Mon ambition de vouloir être président de la République 

Chaque parti politique est d’abord fondé sur un idéal, une vision et un projet.  Les partis politiques ont pour vocation d’aller aux élections pour proposer leur projet. C’est pour cette raison que nous nous portons candidat pour ce rendez avec les compatriotes pour leur exposer notre vision du Togo.

Quel que soit ce qu’on dit sur le système qui organise les élections, ce n’est pas tant les conditions d’organisation qui font l’élection, mais c’est beaucoup plus l’adhésion de la population, sa propension à réagir et à s’adapter aux difficultés et à les transcender.   Nous avons foi que les Togolais qui ont soufferts depuis des années pourront faire ce saut qualitatif le 22 février 2020 pour porter leur choix sur des candidats comme nous qui avons des projets et une vision pour ce pays et pouvoir le sortir définitivement de l’ornière.

Les mesures phares de mon programme

  • L’éducation

Le système éducatif hérité de la colonisation doit être repensé de fond en comble. Si les Togolais nous accordent leur confiance, nous allons mettre en place des centres de formations expérimentaux pour les apprenants du primaire. Nous allons expérimenter le système suisse et allemand qui consiste à faire suivre un élève par le même enseignant du CP1 au CM2. L’enseignant sera secondé par des conseillers en orientation scolaire de telle sorte que durant les 6 années de primaire, qu’on puisse déjà détecter chez l’enfant les prédispositions qu’il développe pour pouvoir l’orienter utilement dans sa vie future.

Au niveau du secondaire, au lieu de maintenir les collèges d’enseignement généraux, il faut mettre en place des centres de formations techniques et professionnelles pour permettre à ceux qui ne peuvent pas évoluer dans l’enseignement général et qui ont des prédisposions techniques d’être orientés vers ces centres. Il en est de même pour l’enseignement supérieur en  mettant un accent particulier sur les filières techniques pour  minimiser l’impact du chômage.

  • L’emploi des jeunes

Dans le secteur public, Il faut faire des états généraux de l’administration. Il y a aujourd’hui des centaines de fonctionnaires qui, bien qu’ils soient admis à la retraite, continuent de travailler dans l’administration. Il faut « dégager » ce monde pour faire de la place aux jeunes dans les limites qui respectent le point de convergence au niveau de l’UEMOA.

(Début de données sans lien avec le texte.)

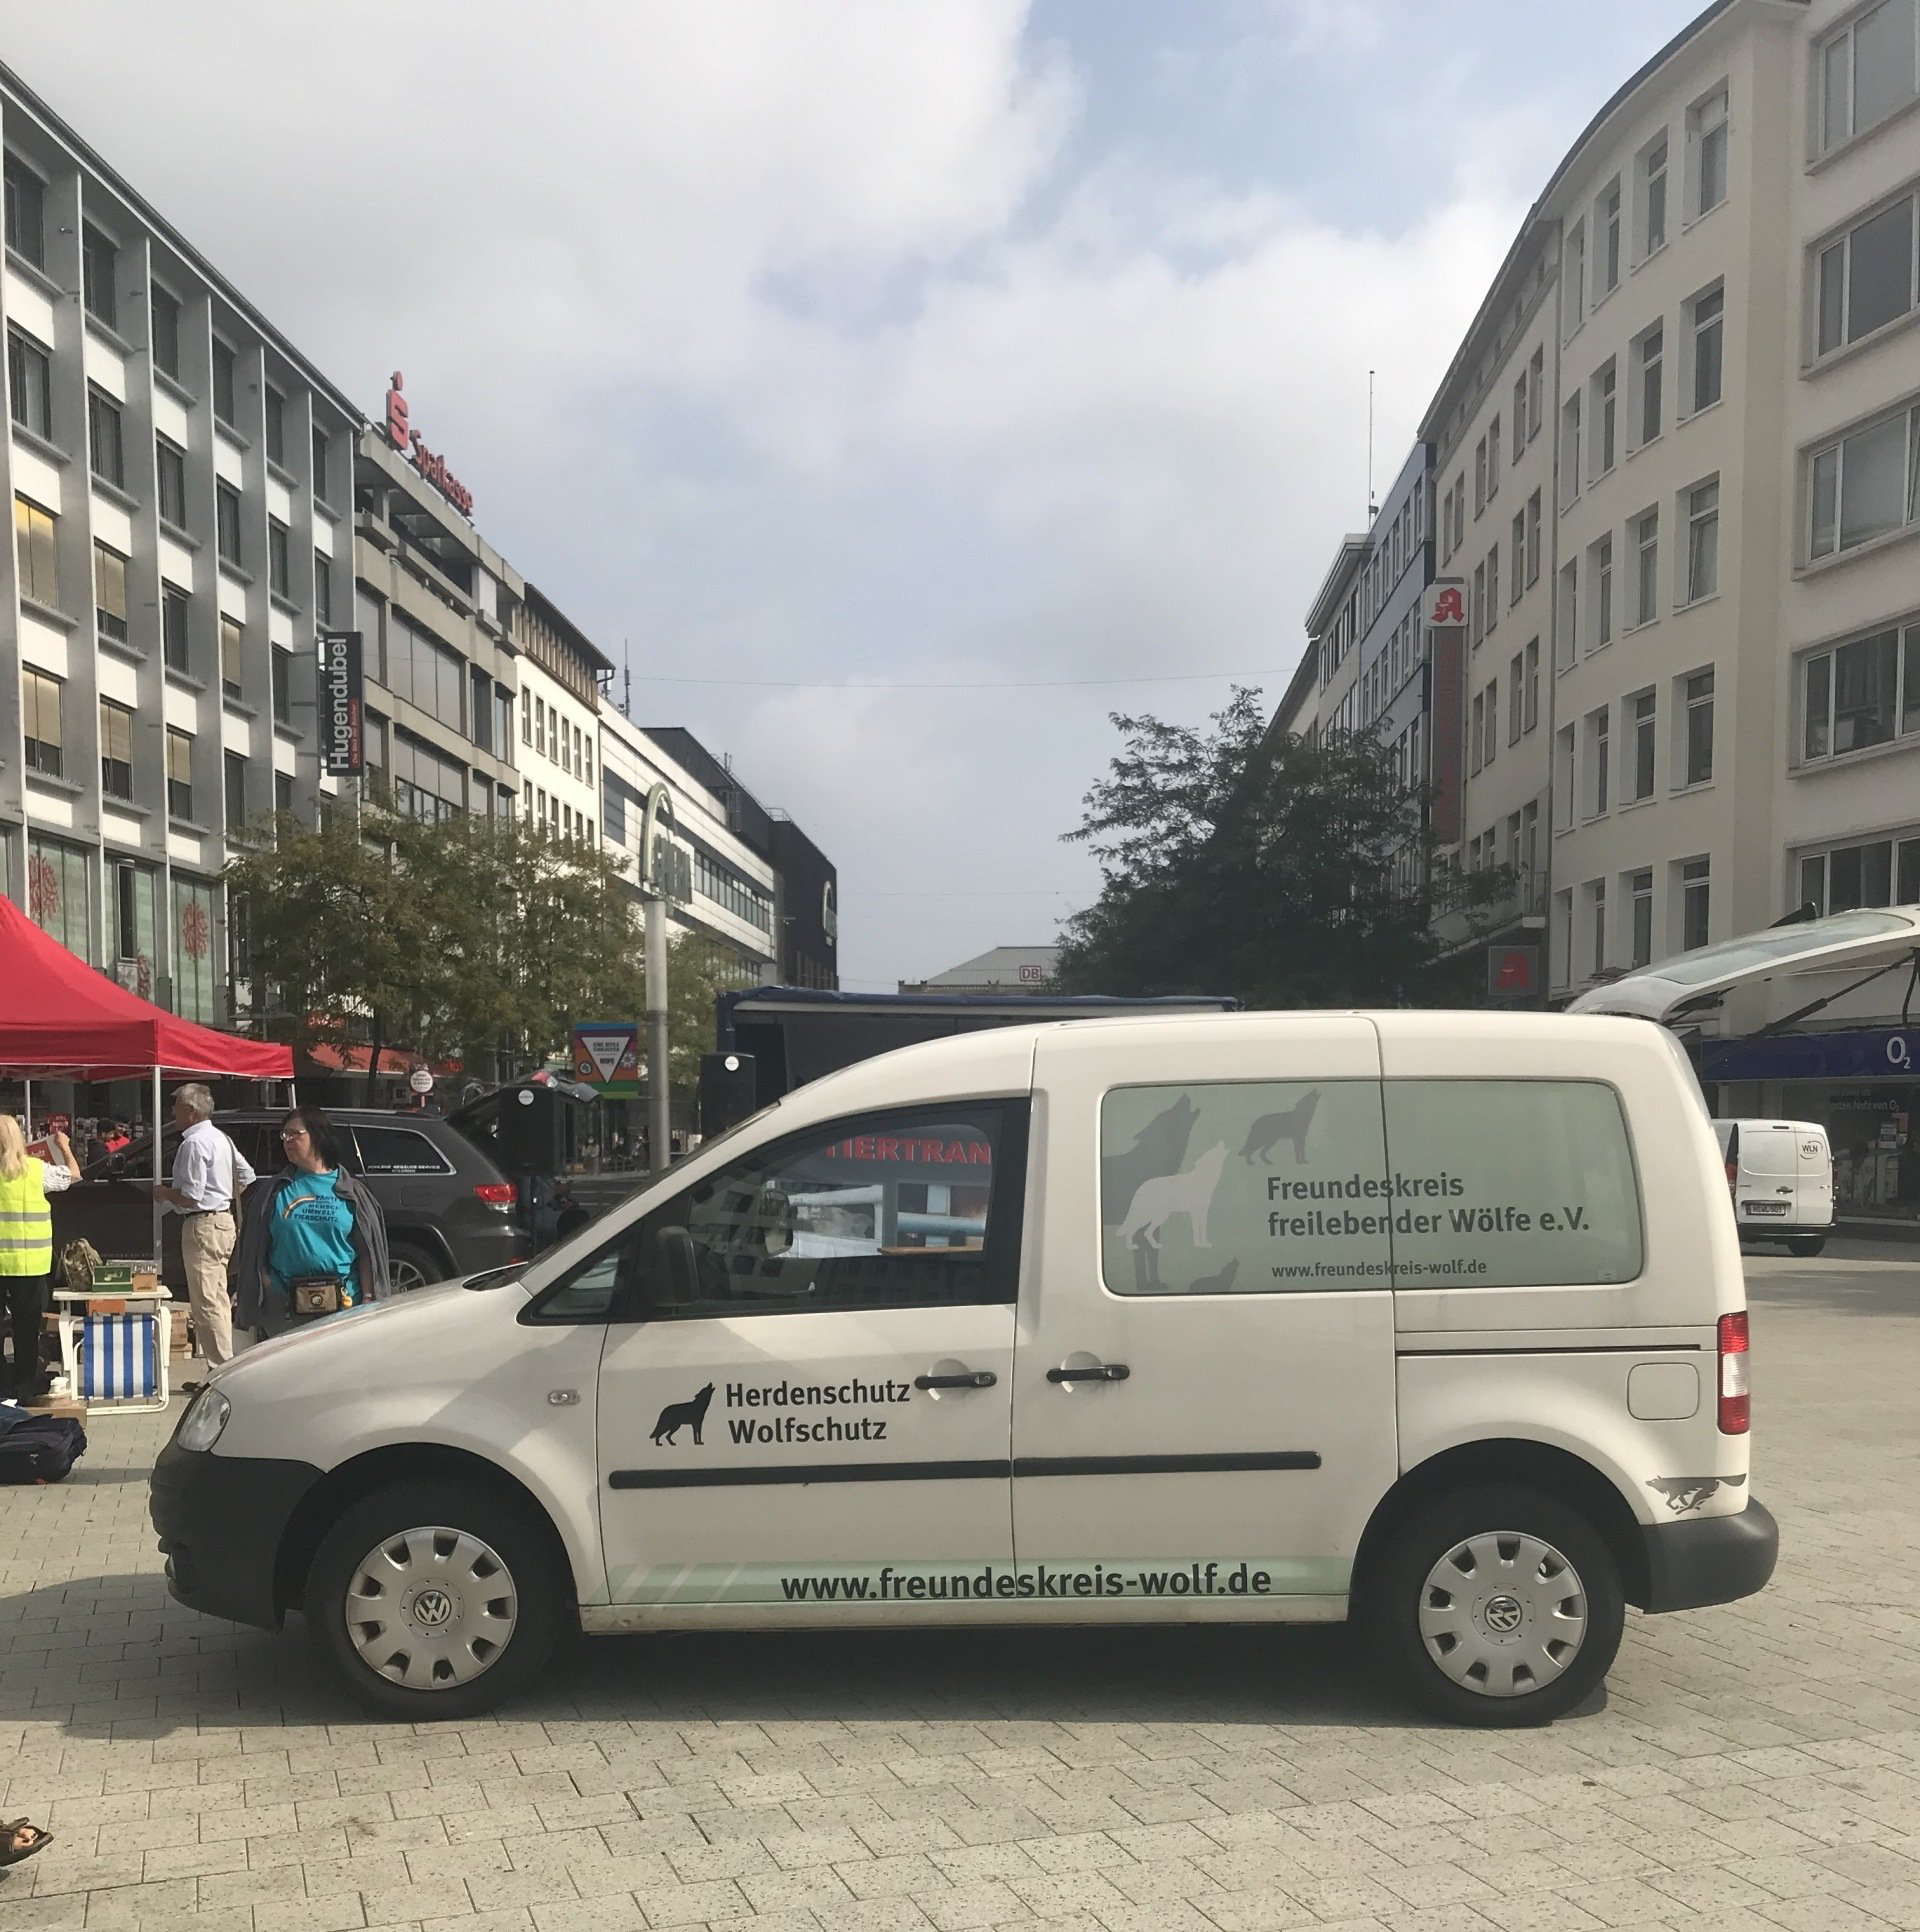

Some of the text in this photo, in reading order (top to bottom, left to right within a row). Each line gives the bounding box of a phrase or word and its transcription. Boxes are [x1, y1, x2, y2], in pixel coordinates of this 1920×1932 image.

Le second niveau consiste à dépoussiérer le code du travail. Le recrutement doit se faire selon un équilibre ethnique et régional au niveau des trois piliers de l’État. Au niveau de la fonction publique, il faut revoir les types de contrats, il faut initier des contrats à durer déterminées et recruter les bonnes personnes aux bons postes. Si nous sommes au pouvoir, aucune personne ne peut prétendre au poste de préfet ou de secrétaire général , si elle ne justifie pas d’une formation  à l’École nationale de l’administration.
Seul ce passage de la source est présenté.